Casi el 50% de las muertes por sobredosis en 2015 están relacionadas con analgésicos recetados para tratar dolores moderados y fuertes
No obstante, la dimensión de la epidemia actual, las causas de la misma y hasta su contexto social, difieren tanto de lo sucedido hasta comienzos del siglo XXI, que cabe resaltar que aún no ha habido una respuesta acorde a dicha realidad por parte de la industria audiovisual. Si la magnitud de la adicción no tiene parangón en la historia – afecta a veintisiete millones de estadounidenses (más de un 8% de la población) -, las causas de la misma son también singulares.

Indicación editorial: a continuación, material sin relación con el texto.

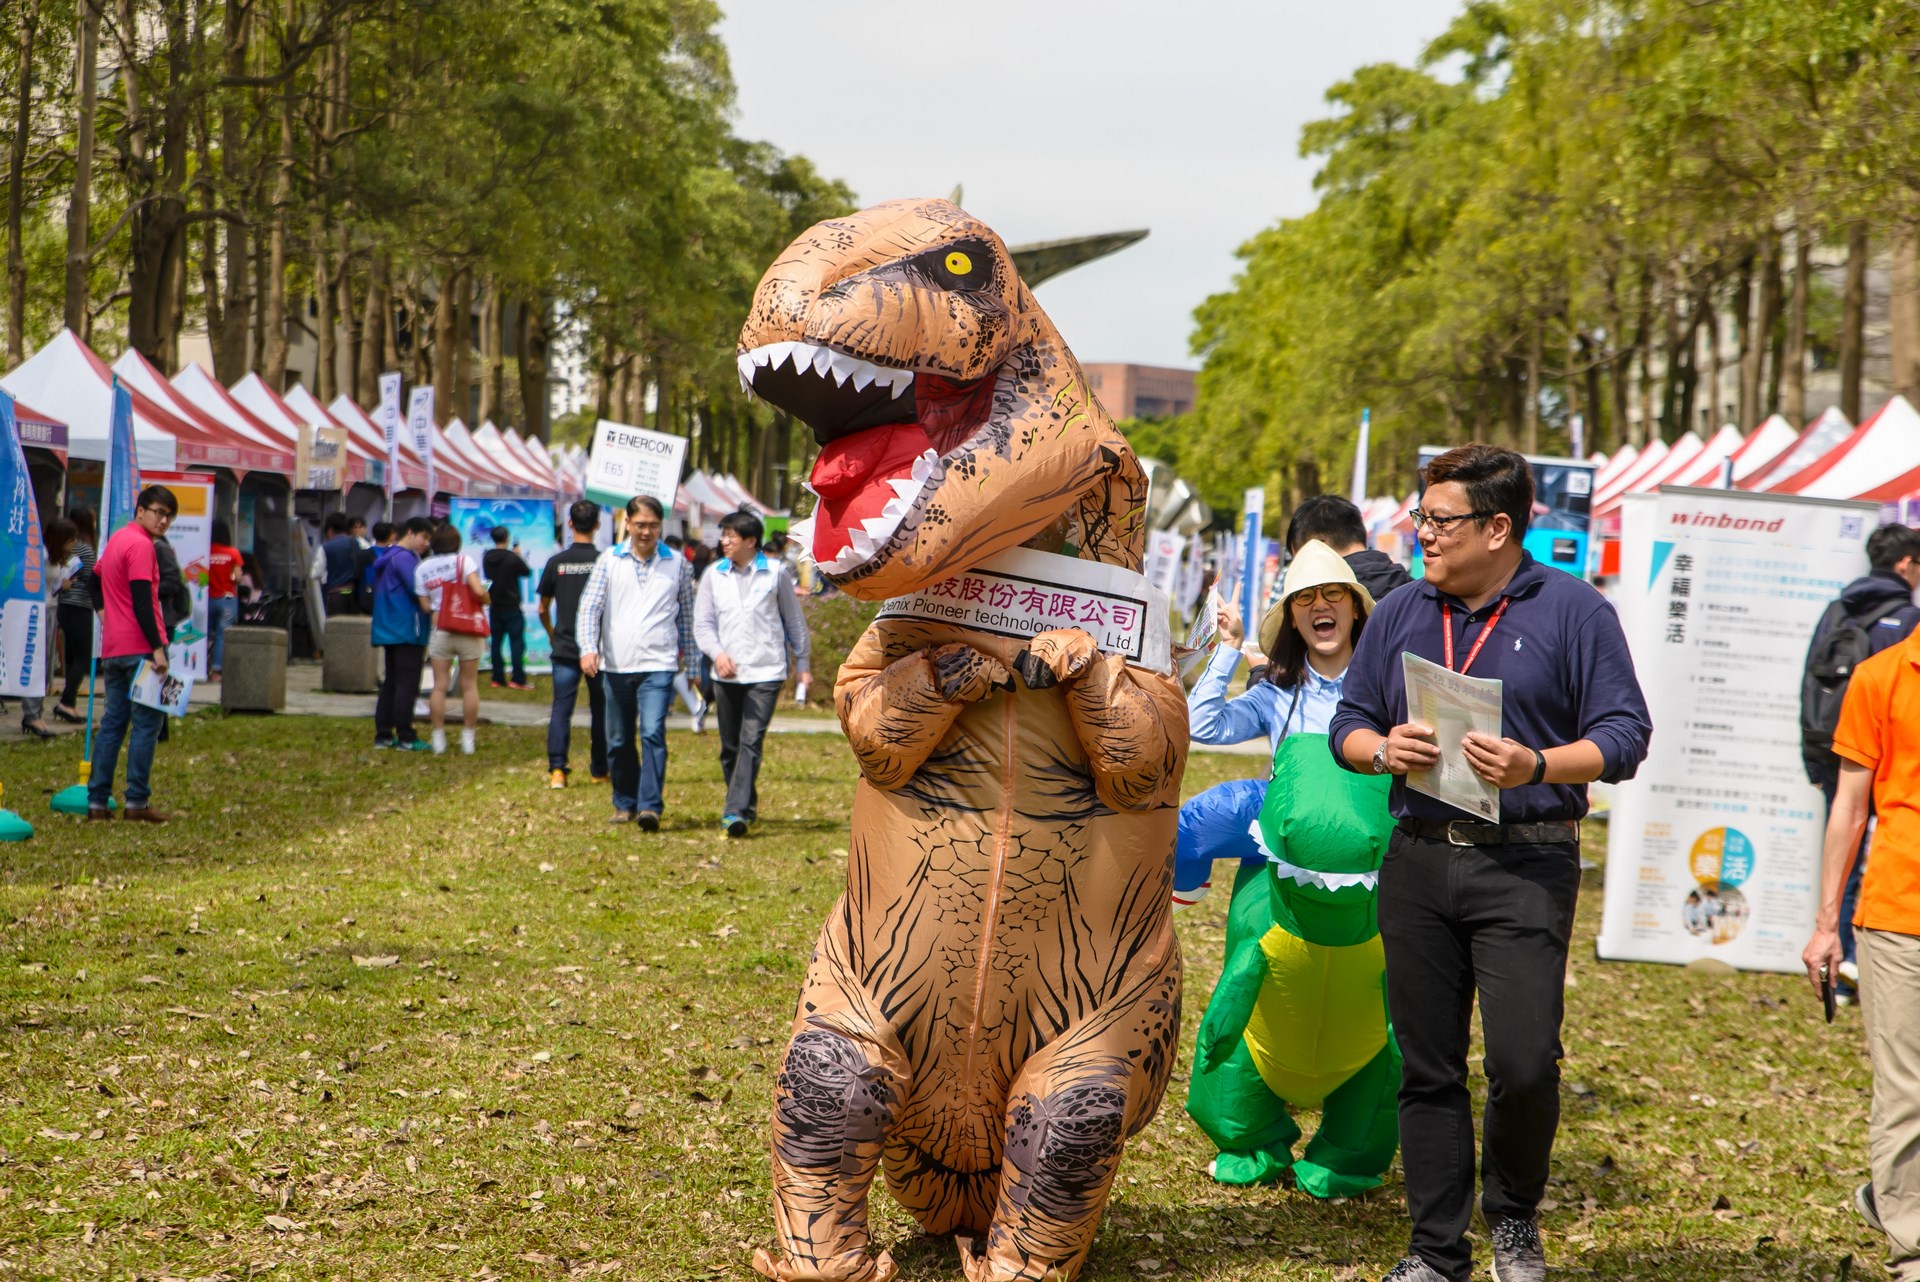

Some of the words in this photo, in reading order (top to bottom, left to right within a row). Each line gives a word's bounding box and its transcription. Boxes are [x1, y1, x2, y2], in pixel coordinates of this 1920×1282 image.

[618, 432, 674, 455] ENERCON
[1671, 512, 1786, 533] winbond
[913, 577, 1137, 632] 技股份有限公司
[913, 598, 970, 619] Pioneer
[1106, 631, 1134, 651] Ltd.
[1665, 554, 1694, 644] 幸福樂活

El abuso de los opiáceos en Estados Unidos no se limita al consumo de heroína – que no supone más que una penúltima etapa de la dependencia – sino a la exagerada prescripción de medicamentos legales de la familia de los opioides. Casi el 50% de las muertes por sobredosis en 2015 – advierte el Centro para la Prevención y Control de Enfermedades – están relacionadas con analgésicos recetados para tratar dolores moderados y fuertes.
«Tenemos un enorme problema que a menudo no se inicia en la esquina de una calle, sino que empieza en la consulta de un médico o en los hospitales de nuestro país» señala el informe de la comisión nombrada por la Casa Blanca. Según un estudio de Jama Psychiatry, el 75% de los heroinómanos empezó con estos analgésicos cuyo aumento de precio ha provocado que muchos pacientes recurran a la heroína como sustitutivo. Un favor del sistema sanitario a los narcos mexicanos que aprovecharon el filón para vender un producto mucho más barato y puro.

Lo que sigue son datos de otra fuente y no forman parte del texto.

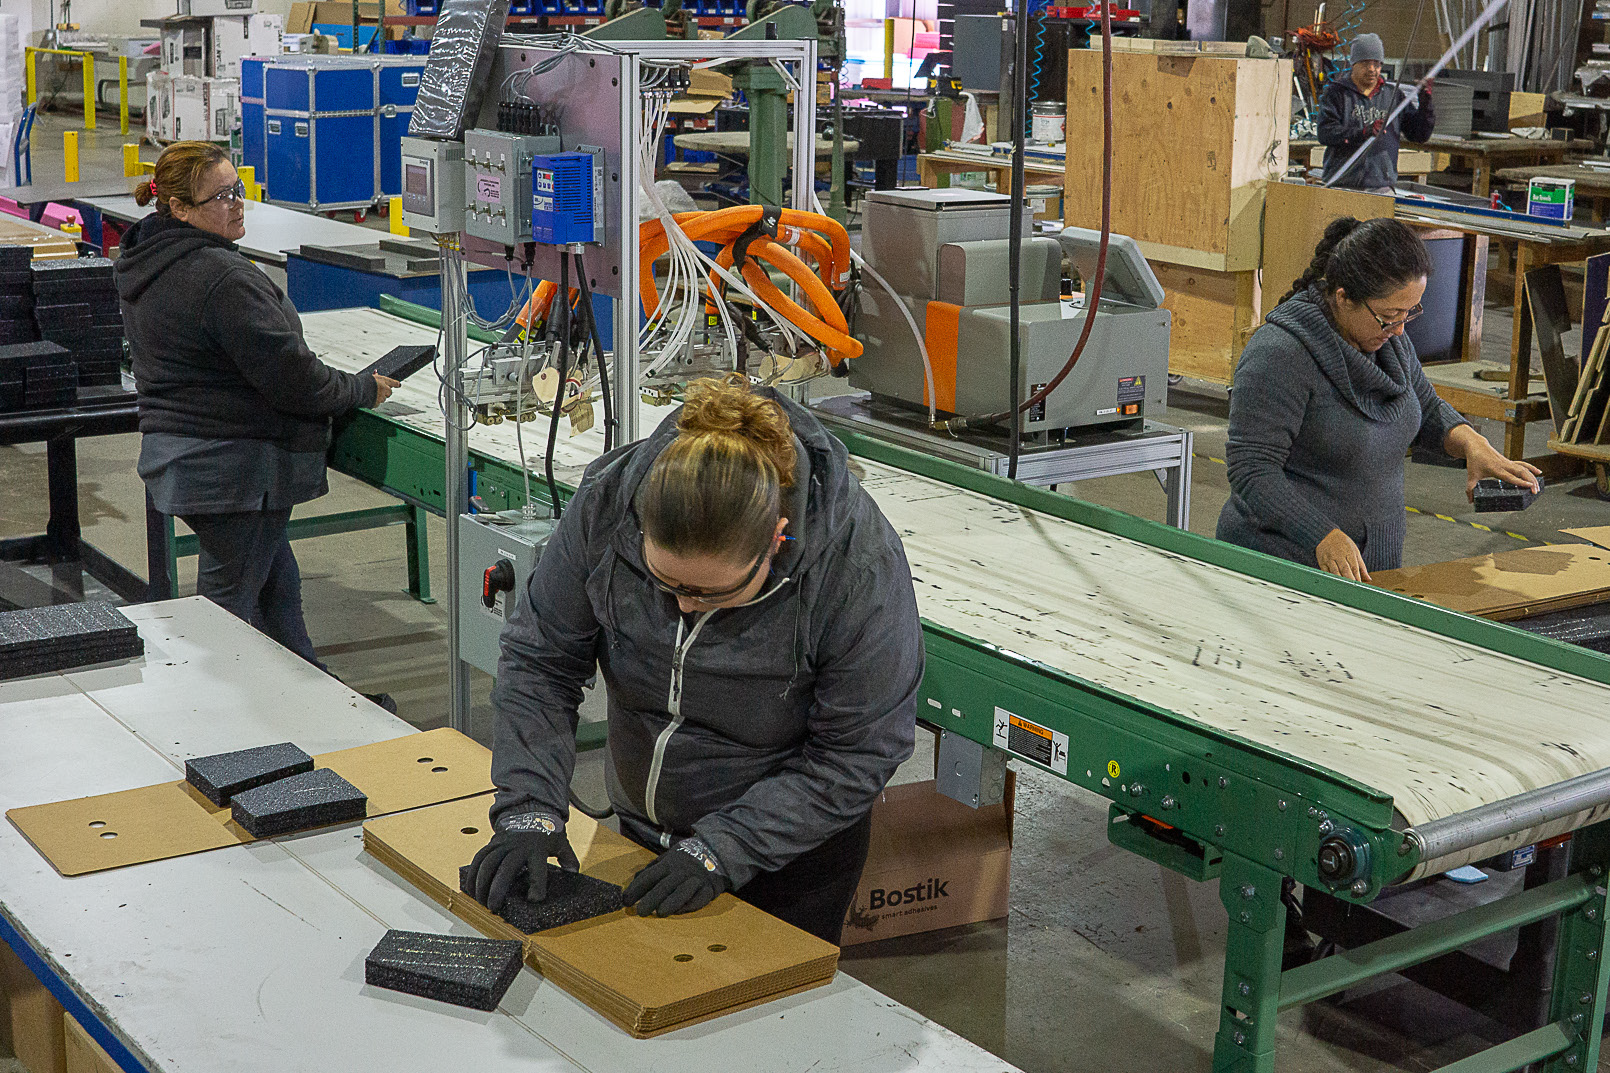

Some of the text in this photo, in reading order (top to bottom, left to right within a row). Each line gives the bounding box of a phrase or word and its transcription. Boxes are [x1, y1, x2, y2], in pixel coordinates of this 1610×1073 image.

[1023, 719, 1044, 736] WARNING
[870, 878, 950, 911] Bostik
[881, 905, 938, 920] smart adhesives

Según la agrupación de organizaciones de afectados y familiares de víctimas (Fed Up !) tras el incremento masivo de prescripciones médicas desde los años noventa se encontraba el influjo de las farmacéuticas en estudios académicos que negaban la adicción de los opiáceos recetados, así como su connivencia con la FDA (Administración de Drogas y Alimentos), el departamento encargado de regular las licencias de medicamentos y que, durante décadas, aprobó la venta de fármacos de demostrada adicción y peligrosidad como Zohydro, Opana y OxyContin. En los últimos años la administración americana ha intentado dar un giro, con un control mucho más restrictivo, pero la inercia de los millones de afectados y la irrupción de opiáceos aún más letales y baratos que la heroína, como el Fentanilo, han empeorado la situación con una avalancha de sobredosis.

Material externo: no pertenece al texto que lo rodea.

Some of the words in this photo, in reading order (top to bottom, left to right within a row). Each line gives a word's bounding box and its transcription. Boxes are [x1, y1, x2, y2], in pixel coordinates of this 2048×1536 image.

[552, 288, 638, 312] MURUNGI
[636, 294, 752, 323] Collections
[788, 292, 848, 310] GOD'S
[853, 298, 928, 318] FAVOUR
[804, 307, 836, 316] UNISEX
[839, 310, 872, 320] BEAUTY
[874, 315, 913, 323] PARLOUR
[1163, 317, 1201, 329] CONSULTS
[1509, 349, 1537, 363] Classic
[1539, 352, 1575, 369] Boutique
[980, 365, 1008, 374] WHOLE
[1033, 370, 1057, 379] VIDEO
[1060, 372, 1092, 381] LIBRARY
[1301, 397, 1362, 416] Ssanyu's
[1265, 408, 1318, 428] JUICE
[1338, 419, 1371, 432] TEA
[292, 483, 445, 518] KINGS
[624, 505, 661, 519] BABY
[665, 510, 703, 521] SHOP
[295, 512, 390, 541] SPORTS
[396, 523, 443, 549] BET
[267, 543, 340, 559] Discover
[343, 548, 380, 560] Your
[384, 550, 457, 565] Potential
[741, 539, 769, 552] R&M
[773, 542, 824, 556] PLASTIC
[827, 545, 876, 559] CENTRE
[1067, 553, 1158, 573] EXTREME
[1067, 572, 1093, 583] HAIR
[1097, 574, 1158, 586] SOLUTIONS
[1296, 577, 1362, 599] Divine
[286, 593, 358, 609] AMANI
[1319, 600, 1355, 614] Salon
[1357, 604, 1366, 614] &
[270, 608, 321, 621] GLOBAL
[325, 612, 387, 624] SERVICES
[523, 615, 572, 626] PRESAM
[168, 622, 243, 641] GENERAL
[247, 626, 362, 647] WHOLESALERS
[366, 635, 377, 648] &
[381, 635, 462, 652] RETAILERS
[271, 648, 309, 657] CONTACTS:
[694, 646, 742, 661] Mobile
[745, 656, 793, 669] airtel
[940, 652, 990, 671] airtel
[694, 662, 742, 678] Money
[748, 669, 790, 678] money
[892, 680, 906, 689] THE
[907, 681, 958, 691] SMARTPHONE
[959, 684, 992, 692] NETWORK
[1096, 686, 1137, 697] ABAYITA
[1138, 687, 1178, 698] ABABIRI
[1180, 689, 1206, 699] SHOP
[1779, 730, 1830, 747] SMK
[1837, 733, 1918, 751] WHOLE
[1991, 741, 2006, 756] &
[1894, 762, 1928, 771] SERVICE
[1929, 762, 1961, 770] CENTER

Aunque la epidemia se expandió sin control, durante años y por todo el país, cinco han sido los estados especialmente afectados: Virginia Occidental, New Hampshire, Ohio, Rhode Island y Kentucky. La novedad con respecto anteriores episodios similares radica en que esta vez el sector más perjudicado ha sido el de la clase media blanca, incluso, en no pocas ocasiones, el de personas de un alto nivel adquisitivo que caían en la adicción sin apenas darse cuenta. En definitiva, una tragedia que está zarandeando al país más poderoso del planeta y que por el momento no dispone ni de una pronta solución, ni de una producción audiovisual que la exponga a ojos del mundo. Una lacra silenciada.